Murud-Janjira (About this sound pron. ) is the local name for a fort situated on an island just off the coastal village of Murud, in the Raigad district of Maharashtra, India.[1]

Origins of the name[edit]

Janjira from outside

The word Janjira is not native to India, and may have originated after the Arabic word Jazeera, which means an island. Murud was once known in Marathi as Habsan ("of Habshi" or Abyssinian). The name of the fort is a concatenation of the Konkani and Arabic words for Island, "morod" and "jazeera". The word "morod" is peculiar to Konkani and is absent in Marathi.[2]

Major features[edit]

Fort Murud-Janjira paintings from the 17th century in the style of Mughal painting
Kalak Bangadi, 3rd Largest Cannon in India At Janjira Fort, weighing over 22 Tons

Murud-Janjira Fort is situated on an oval-shaped rock off the Arabian Sea coast near the port town of Murud, 165 km (103 mi) south of Mumbai. Janjira is considered one of the strongest marine forts in India. The fort is approached by sailboats from Rajapuri jetty.

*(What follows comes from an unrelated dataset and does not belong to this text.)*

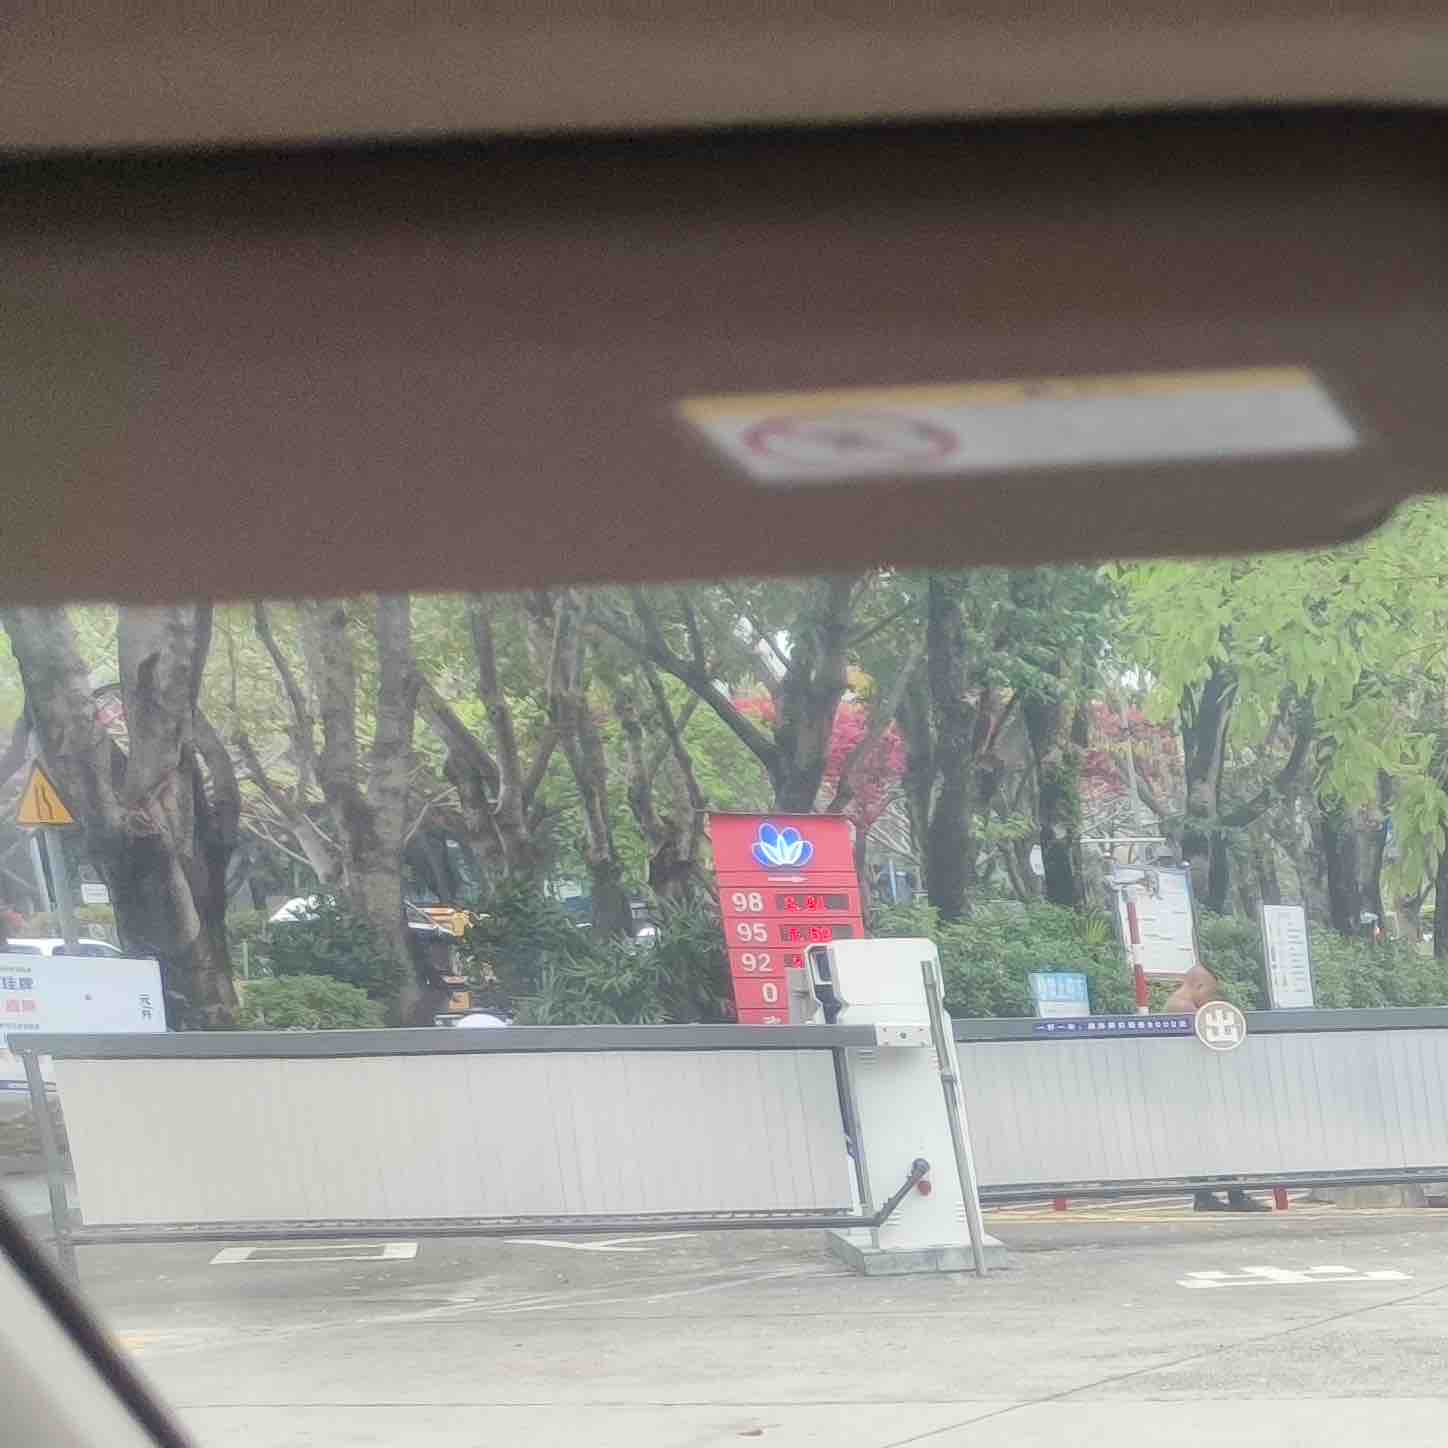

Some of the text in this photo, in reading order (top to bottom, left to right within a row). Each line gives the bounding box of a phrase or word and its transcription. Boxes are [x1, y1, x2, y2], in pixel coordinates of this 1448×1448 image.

[731, 892, 764, 913] 98
[735, 923, 768, 943] 95
[741, 953, 774, 973] 92

Murud Janjira Fort View from ferry point in Rajapuri

The main gate of the fort faces Rajapuri on the shore and can be seen only when one is about 40 feet (12 m) away from it. It has a small postern gate towards the open sea for escape.

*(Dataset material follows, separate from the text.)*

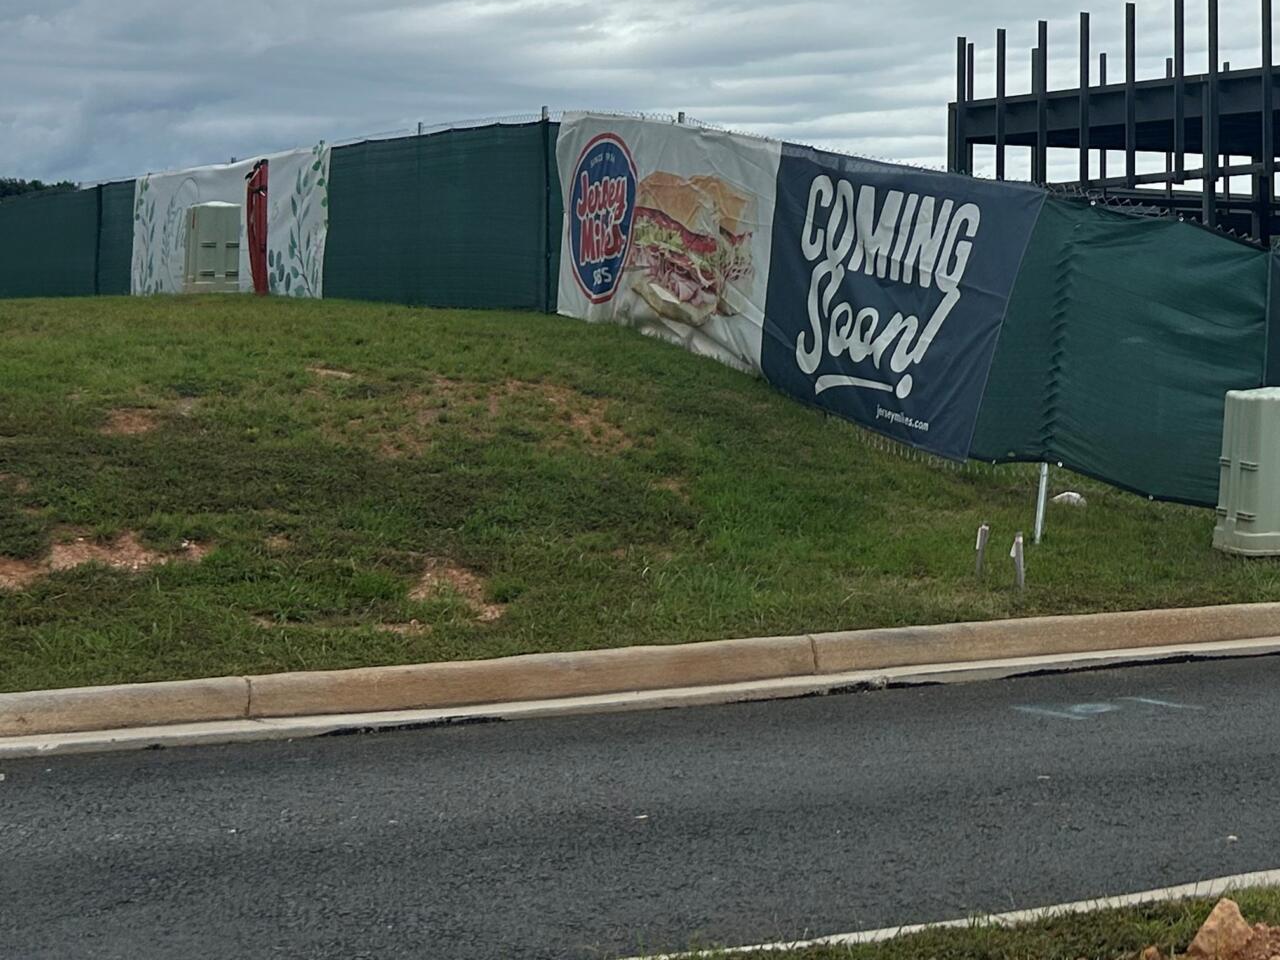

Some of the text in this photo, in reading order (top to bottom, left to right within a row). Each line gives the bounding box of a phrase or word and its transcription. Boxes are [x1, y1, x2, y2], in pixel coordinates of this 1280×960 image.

[576, 170, 628, 224] Jersey
[801, 174, 981, 292] COMING
[796, 259, 961, 399] Soon!

The fort has 26 rounded bastions, still intact. There are many cannons of native and European make rusting on the bastions. Now in ruins, the fort in its heyday was a full-fledged living fort with all the necessary facilities, e.g., palaces, quarters for officers, mosque, two small 60-foot-deep (18 m) natural fresh water lakes, etc.[3] On the outer wall flanking the main gate, there is a sculpture depicting a tiger-like beast clasping elephants in its claws.

The sculpture on the main gate

The palace of the Nawabs of Janjira at Murud is still in good shape.[citation needed]

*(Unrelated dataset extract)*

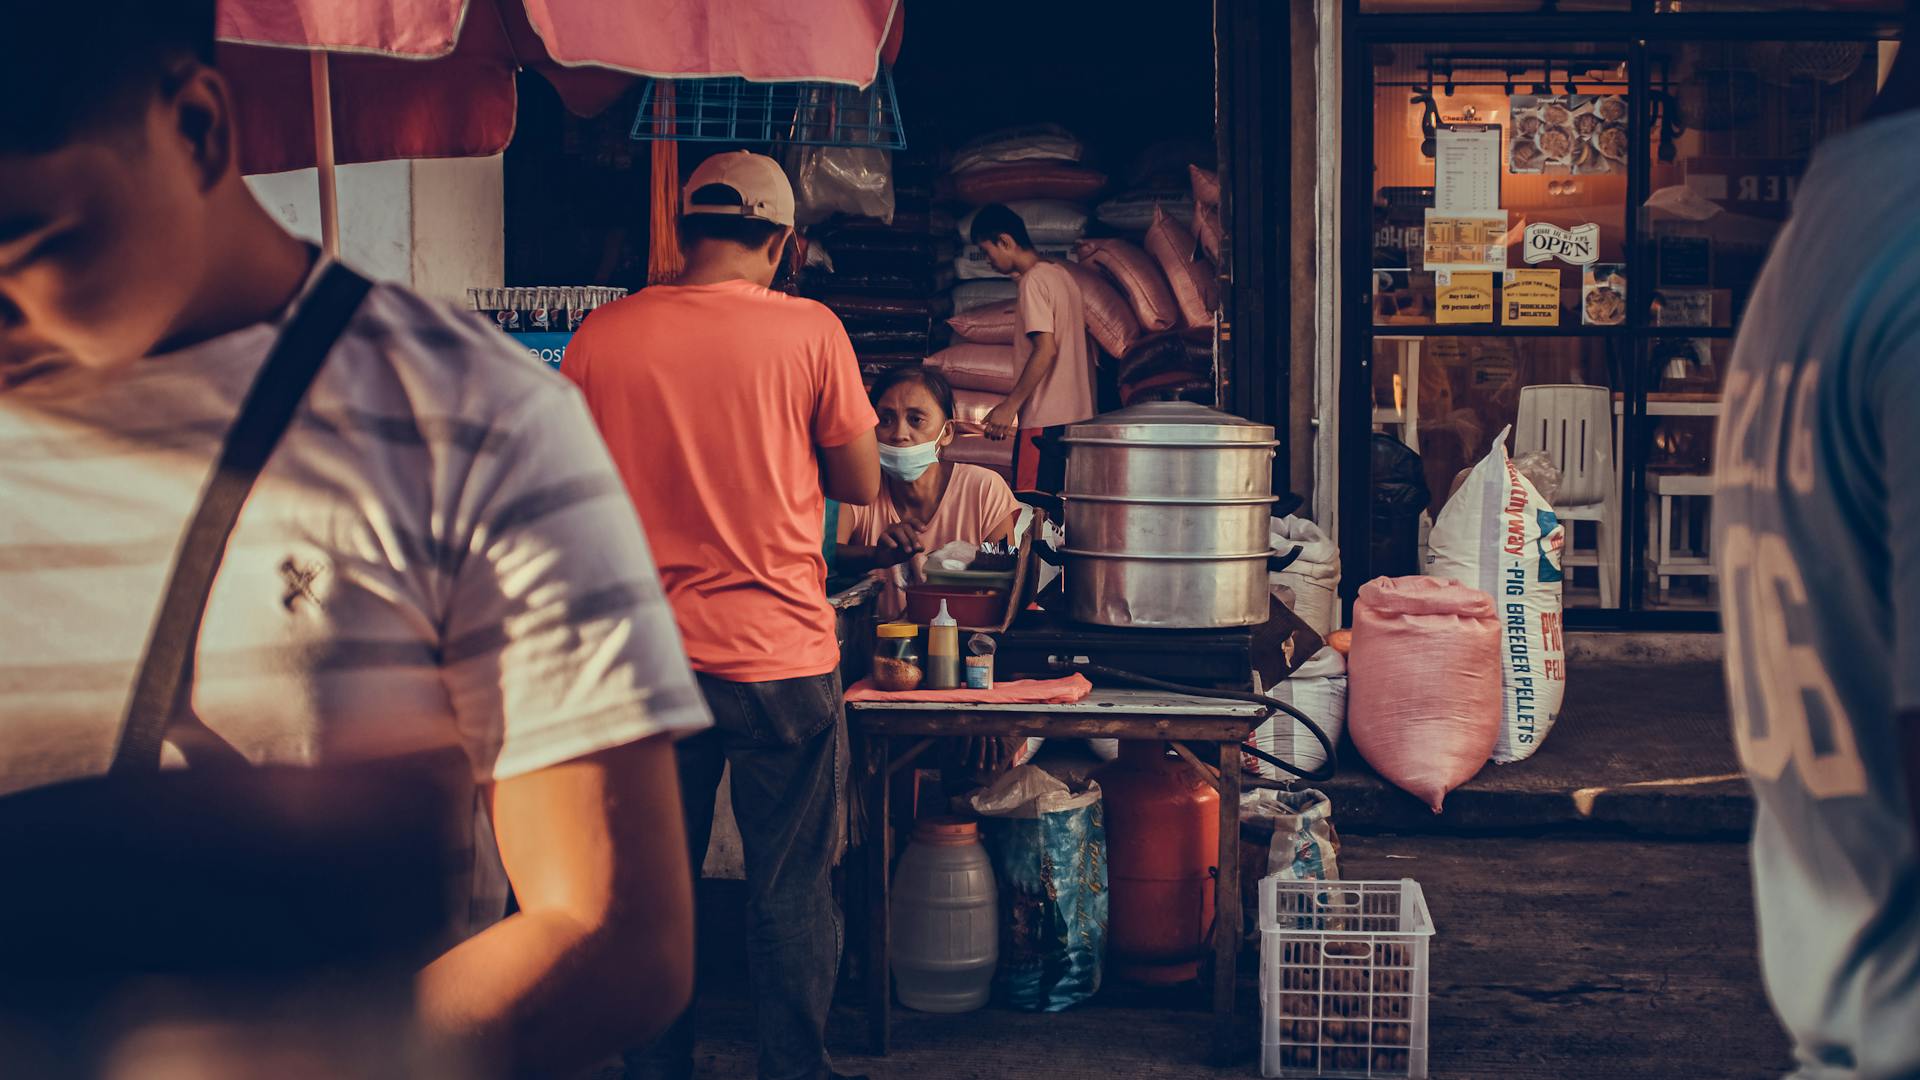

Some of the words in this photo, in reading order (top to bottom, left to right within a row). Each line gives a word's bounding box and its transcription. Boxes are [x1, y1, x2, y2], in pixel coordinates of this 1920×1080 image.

[1532, 234, 1590, 257] OPEN
[1506, 603, 1531, 672] BREEDER
[1514, 677, 1535, 744] PELLETS

A special attraction of this fort are 3 gigantic cannons named Kalalbangdi, Chavri and Landa Kasam. These cannons were said to be feared for their shooting range.[4] Another gate to the west is sea-facing, called 'Darya Darwaza'.

There is also another fortress, named Ghosalgad, which is located on top of the hill around 32 km (20 mi) east of Murud-Janjira, that was used as outpost for the rulers of Janjira.[5]

History[edit]

Inside the fort
Main article: Janjira State

The Fort of Janjira on the sea is the only one of its kind. Janjira Jal-Durg (Sea Fort) was constructed by Malik Ambar, an Abssynian minister in the service of the Sultan of Ahmednagar, who belonged to the famous Nizamshahi dynasty. The fort, built at the end of the 17th Century, is almost entirely intact even today, despite the ravages of wind and tide, a testimony to the marvels of ancient engineering.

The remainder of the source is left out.